De Jurado lo plantea desde esa idea de equilibrio. En su opinión, una cosa es abrir la puerta al fútbol femenino y otra muy distinta desplazar de golpe la estructura habitual del boleto. El experto en apuestas cree que la decisión final de Loterías y Apuestas del Estado irá por un camino más contenido: asegurar al menos un encuentro por jornada y reservar una presencia mayor para fines de semana con menos carga de Primera y Segunda.

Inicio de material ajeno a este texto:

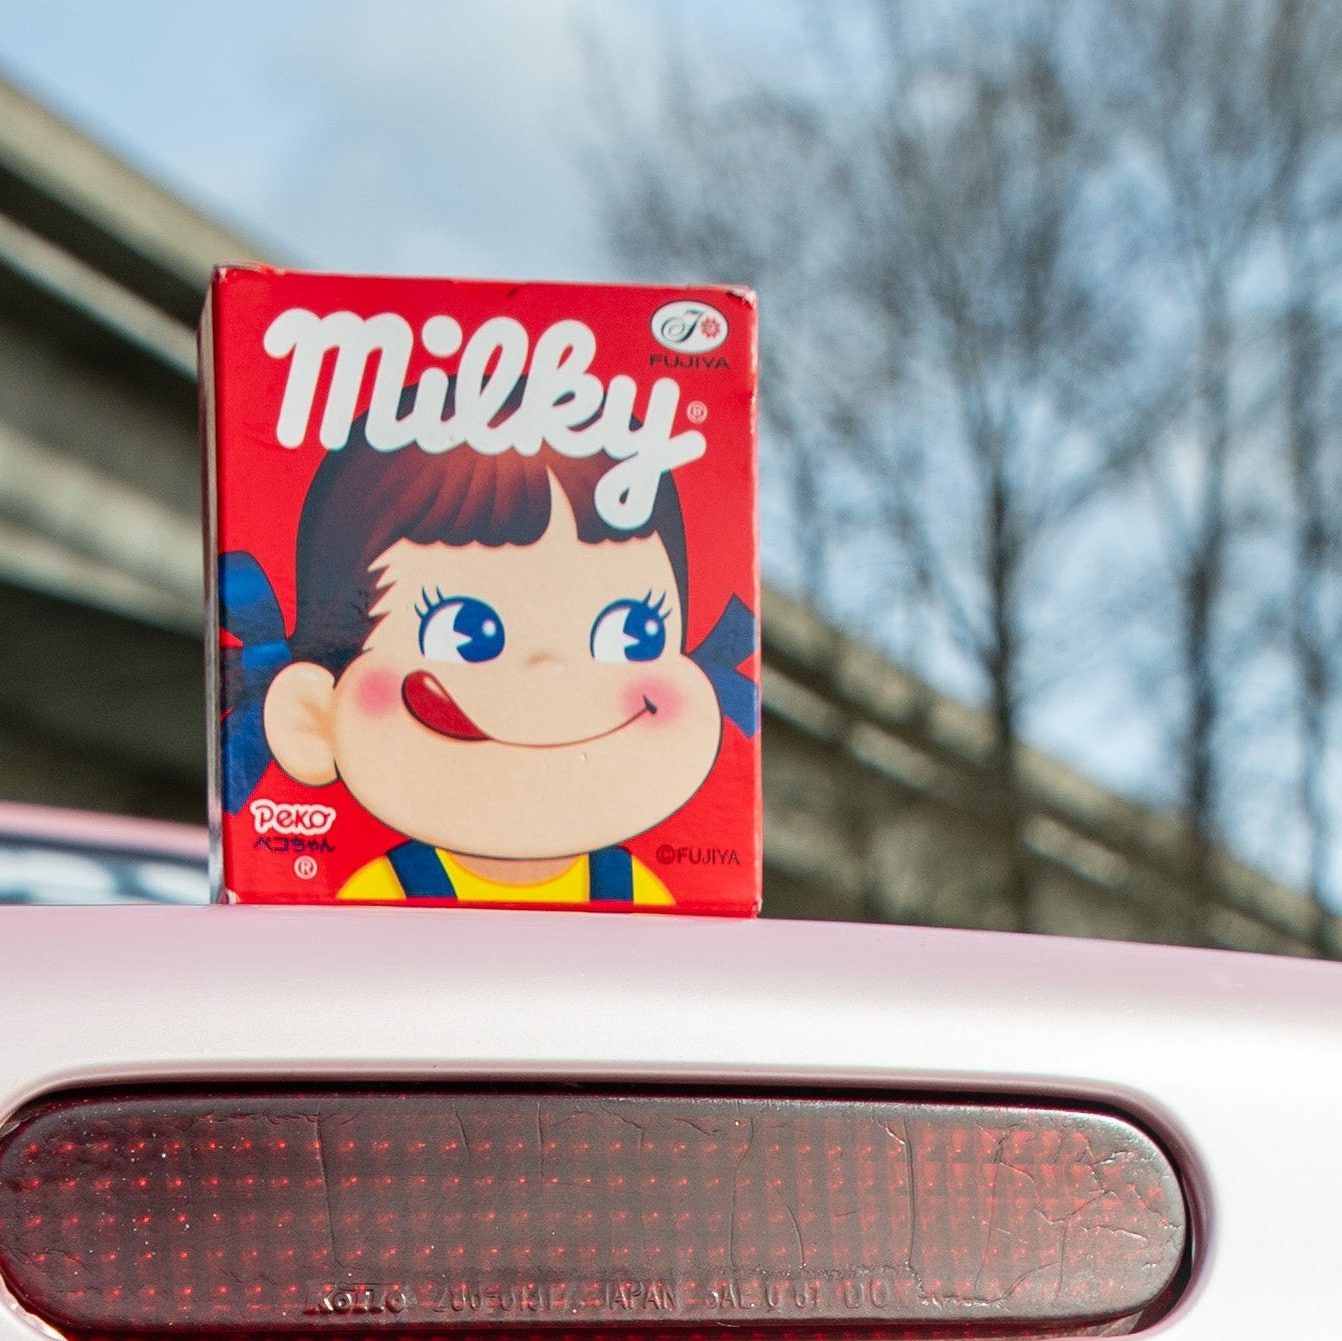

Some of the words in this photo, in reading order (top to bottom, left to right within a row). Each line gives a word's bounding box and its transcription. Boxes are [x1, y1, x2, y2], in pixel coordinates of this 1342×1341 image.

[649, 353, 730, 370] FUJIYA
[264, 308, 706, 529] Milky
[254, 836, 335, 853] ペコちゃん
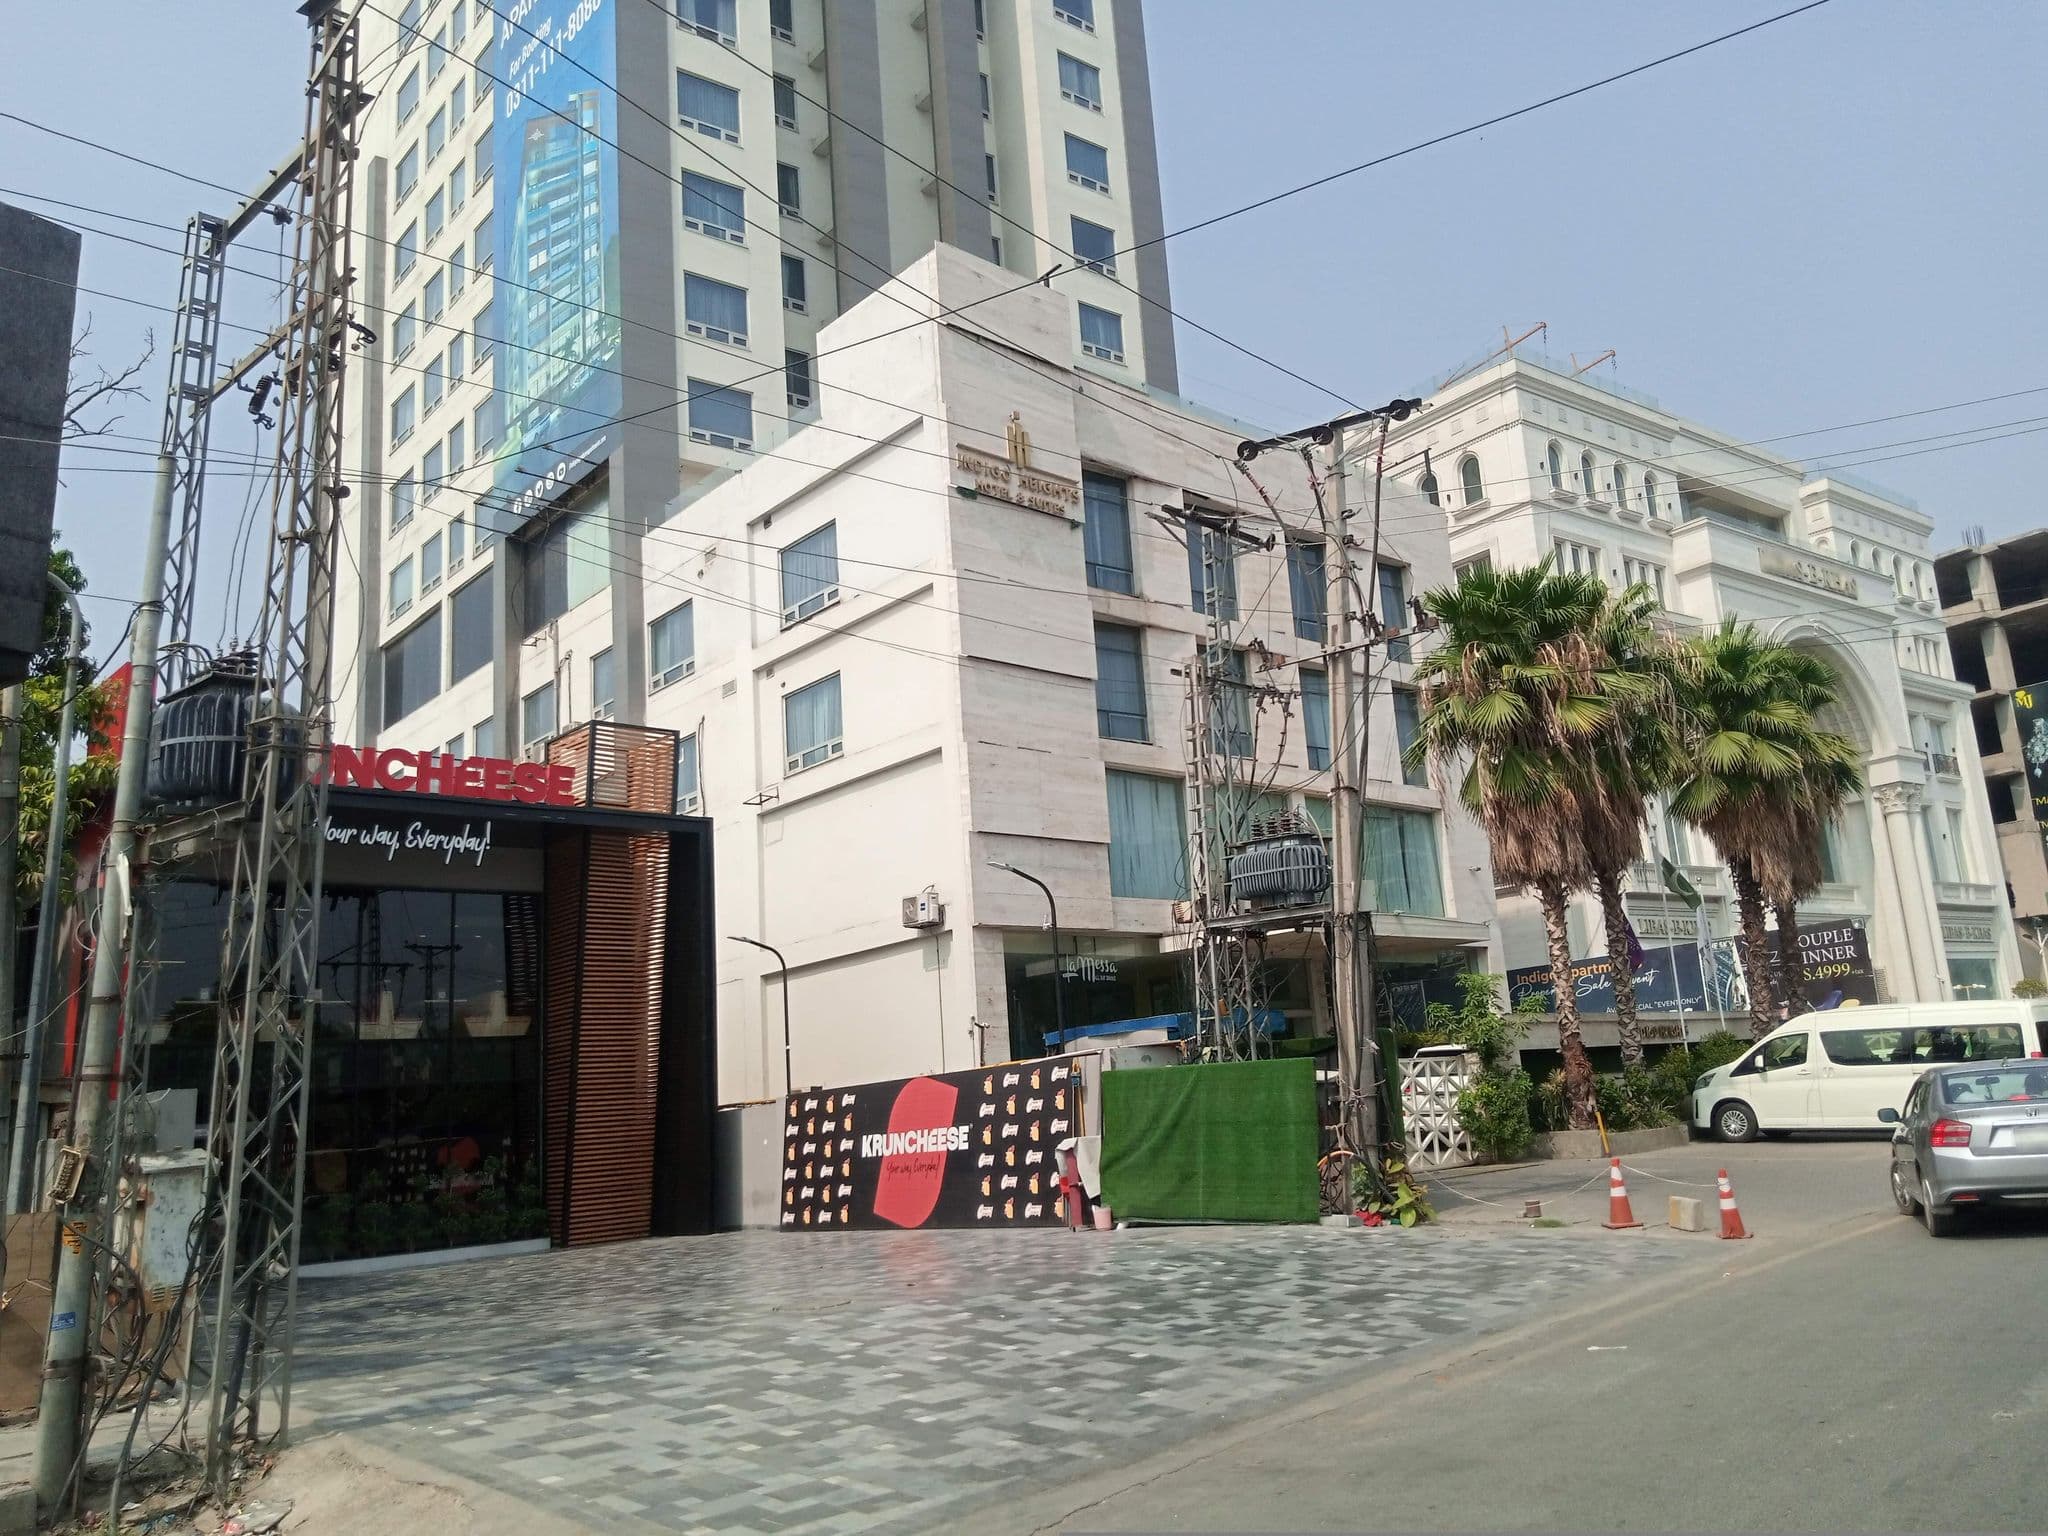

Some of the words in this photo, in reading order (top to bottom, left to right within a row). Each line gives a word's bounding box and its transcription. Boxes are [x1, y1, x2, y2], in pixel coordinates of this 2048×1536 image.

Lo más probable es una presencia estable, pero gradual
La clave estará en cómo se quiere introducir el cambio sin forzar demasiado los hábitos del jugador habitual. Durante años, la Quiniela ha recurrido a ligas extranjeras para completar el boleto cuando faltaban partidos del calendario español. En ese contexto, no sería nada raro que la Liga F ocupara ahora parte de ese espacio en jornadas con parones de selecciones o con menos partidos de Primera y Segunda. Ahí sí tendría sentido una presencia mayor del fútbol femenino.
De Jurado cree que esa será la tónica más probable. Un partido en fines de semana normales y alguno más cuando el calendario masculino deje huecos. Esa solución le parece la más realista, porque introduce la novedad sin exagerar su peso desde el primer momento. Además, deja una reflexión bastante clara: para el quinielista medio, el nivel de información sobre la Liga F puede parecerse bastante al que tenía hace años sobre campeonatos como la liga sueca, la noruega o la escocesa cuando aparecían para completar boleto.
Por eso, el gran cambio no está tanto en la presencia de la Liga F, que parece lógica y hasta necesaria, como en la forma de integrarla. Todo apunta a que el fútbol femenino ganará visibilidad dentro de la Quiniela, sí, pero de una manera progresiva. Y probablemente esa sea la fórmula más sensata para que la novedad se consolide sin generar rechazo innecesario entre el público más tradicional.